Les saints évangélistes Marc et Luc racontent le récit du paralytique avec des détails très importants. Ils écrivent que ceux qui ont amené le malade au Seigneur ne pouvaient entrer dans la maison où se trouvait Jésus-Christ à cause de la foule. Alors ils montèrent le paralytique sur le toit et, après avoir démonté celui-ci, ils descendirent le malade sur sa couche devant le Seigneur. Ils s’imposèrent littéralement, avec audace, devant le Christ, leurs cœurs brûlant de la foi que le grand Thaumaturge leur donnerait selon leur foi. Et il en fut ainsi. Quel incroyable événement inouï! Après tout, quand ils démontèrent le toit, de l’argile et de la poussière tombaient sur la tête de ceux qui étaient dans la maison et sur la tête de Jésus-Christ. A Sa place, toute autre personne se serait indignée et aurait réagi vertement envers les audacieux qui L’avaient couvert de déchets du toit. Mais Notre Seigneur ne prononça aucune parole de reproche. Au lieu de cela, Il leur accorda en échange le plus grand des bienfaits: Il guérit le malade qu’ils avaient apporté en disant que, par leur foi, ses péchés lui étaient pardonnés, et Il lui ordonna de prendre son grabat sur ses épaules et de rentrer chez lui (Mc.2:3-12 & Lc.5:18–25).Souvenez-vous de la Cananéenne, païenne : lorsque le Seigneur arriva en ce lieu, elle tomba à genoux et Le pria de guérir sa fille possédée. Mais Jésus-Christ ne lui accorda aucune attention et poursuivit Son chemin. Elle Le suivi sans relâche et L’implora tellement longtemps que les Apôtres se fatiguèrent de ses demandes et dirent au Seigneur : «Renvoie-la!». C’est alors qu’Il demanda à cette païenne : «Est-il possible de retirer le pain de la bouche des enfants et de le jeter aux petits chiens?». La réplique de la femme est stupéfiante par la profondeur de sa foi et de son espérance : «C’est vrai, Seigneur, mais les petits chiens mangent les miettes qui tombent de la table de leurs maîtres». Sur quoi Il répondit : «Femme!Grande est ta foi! Qu’il en soit fait selon tes souhaits. Et sa fille fut guérie à l’instant même»(Mc.7:25-30 & Mth.15:22–28). La foi de cette malheureuse femme était très grande et le Seigneur en apprécia son exceptionnelle élévation.
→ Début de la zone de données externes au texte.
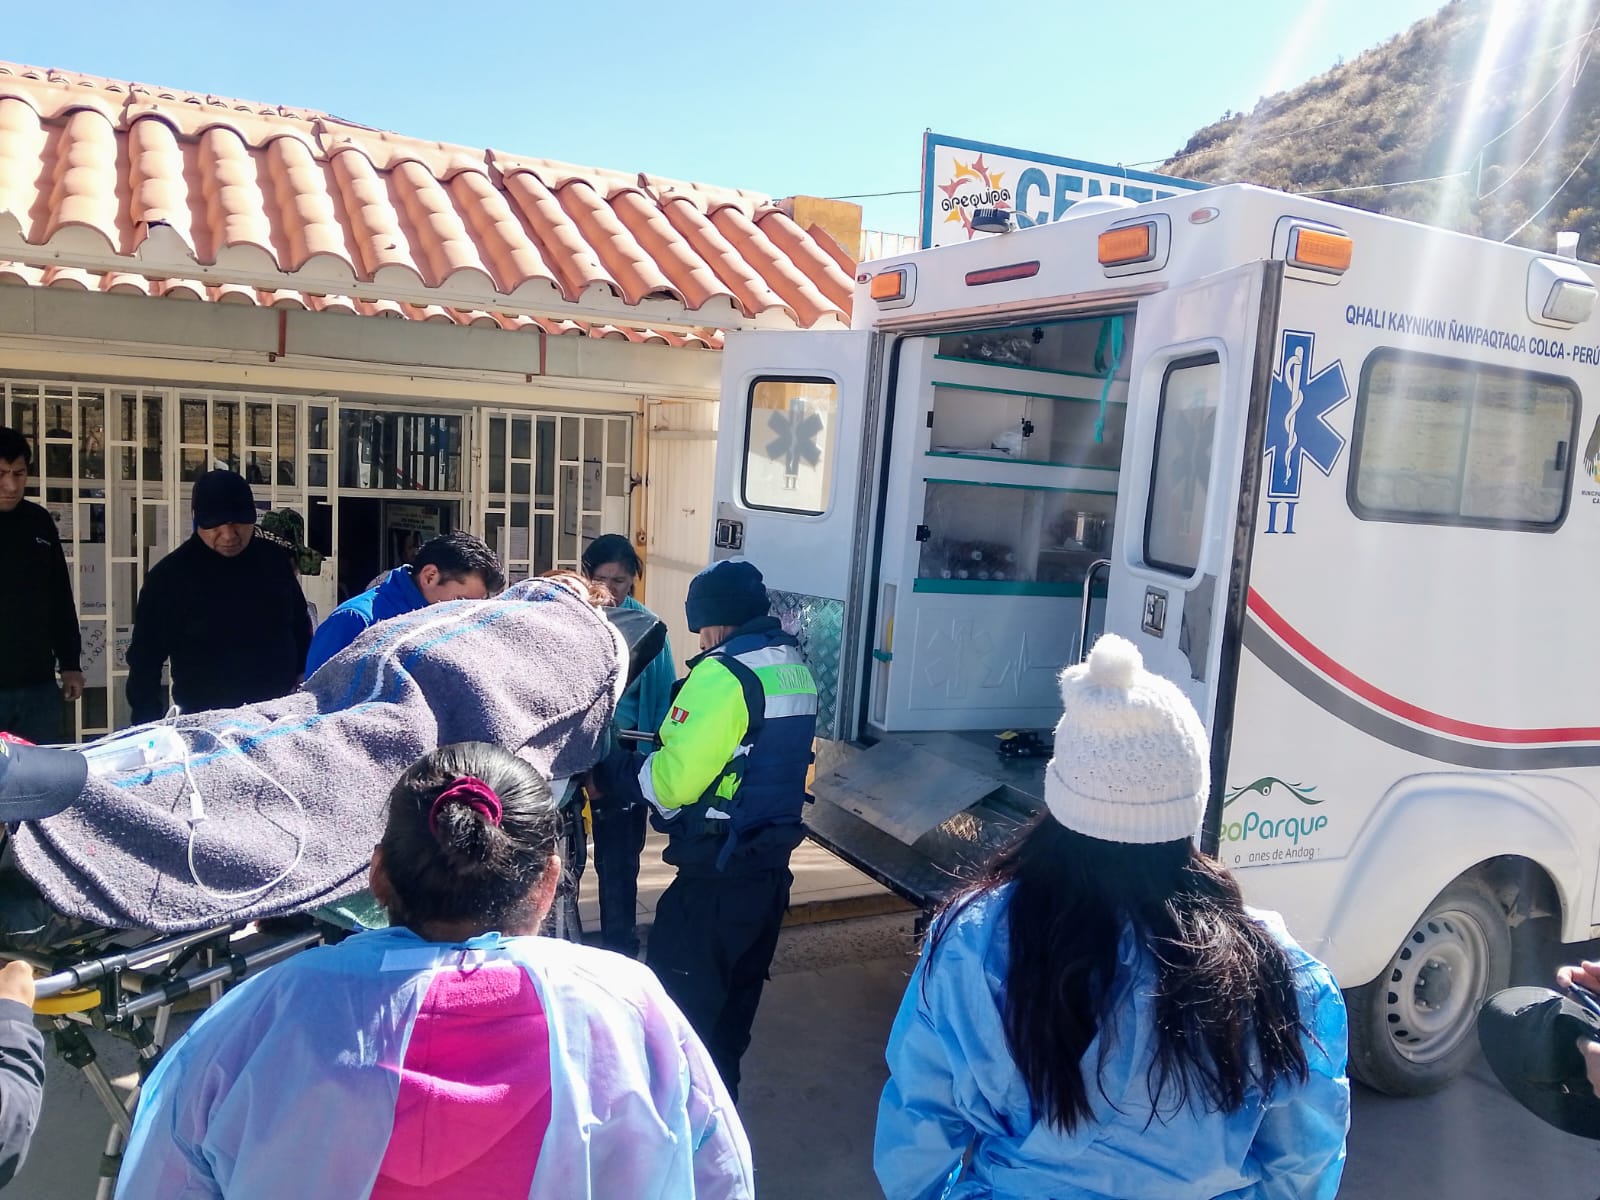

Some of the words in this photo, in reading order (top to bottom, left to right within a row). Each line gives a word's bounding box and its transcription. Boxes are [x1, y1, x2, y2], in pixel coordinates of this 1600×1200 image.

Voilà comment il convient d’agir avec le Seigneur: dans notre prière, nous devons ressembler aux petits enfants qui de tout leur être tendent leurs mains vers leur maman pour être consolés, ou comme le pauvre qui tombe d’inanition et qui vient demander l’aide de celui qui est connu pour sa bonté. Donc, pour que notre prière soit acceptée par Dieu, deux conditions sont nécessaires. C’est avant tout une foi profonde dans la miséricorde infinie du Seigneur, et il ne doit y avoir aucun doute, aucune hésitation dans le cœur. C’est alors seulement que nous serons entendus : lorsque nous invoquerons Dieu avec un cœur rempli d’une foi ardente. En plus de la foi, la ténacité est nécessaire dans la prière. C’est ce à quoi l’Apôtre Paul appela les chrétiens de Thessalonique: «priez sans cesse» (1Thes.5:17). Il faut savoir que ce que nous demandons ne nous sera pas donné dès les premiers mots; nous devons manifester notre espoir ardent et ferme en Dieu seul.
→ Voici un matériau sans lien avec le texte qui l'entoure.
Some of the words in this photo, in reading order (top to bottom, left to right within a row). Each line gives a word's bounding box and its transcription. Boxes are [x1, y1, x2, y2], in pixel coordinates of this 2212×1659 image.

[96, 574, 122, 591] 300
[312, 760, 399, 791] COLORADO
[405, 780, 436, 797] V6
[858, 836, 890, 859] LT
Un jour, notre Seigneur Jésus-Christ raconta cette parabole à Ses disciples : «Si quelqu’un de vous, ayant un ami, va le trouver au milieu de la nuit, disant : Mon ami, prête-moi trois pains, car un de mes ami qui voyage est arrivé chez moi, et je n’ai rien à lui offrir et que de l’intérieur de la maison, l’autre réponde : Ne m’importune point ; la porte est déjà fermée, mes enfants et moi nous sommes au lit ; je ne puis me lever pour te rien donner : je vous le dis, quand même il ne se lèverait pas pour lui donner, parce qu’il est son ami, il se lèvera à cause de son importunité, et lui donnera autant de pains qu’il en a besoin» (Lc.11,5-8). Et des soucis quotidiens, en avons nous peu? Une seule prière suffirait-elle pour les prendre tous en compte? Comment accomplir cette exigence adressée à tout chrétien ? Puisque notre Seigneur Jésus-Christ n’exige de nous rien qui soit impossible. Prier sans cesse ne signifie pas seulement prier dans un coin à la maison ou à l’église, faire des métanies. Il faut que notre cœur soit habité en permanence par une disposition à la prière, il faut que notre cœur soit en permanence humilié par notre indignité, et notre peccaminosité, qu’il soit pénétré rempli d’un frémissement de crainte devant la grandeur de Dieu.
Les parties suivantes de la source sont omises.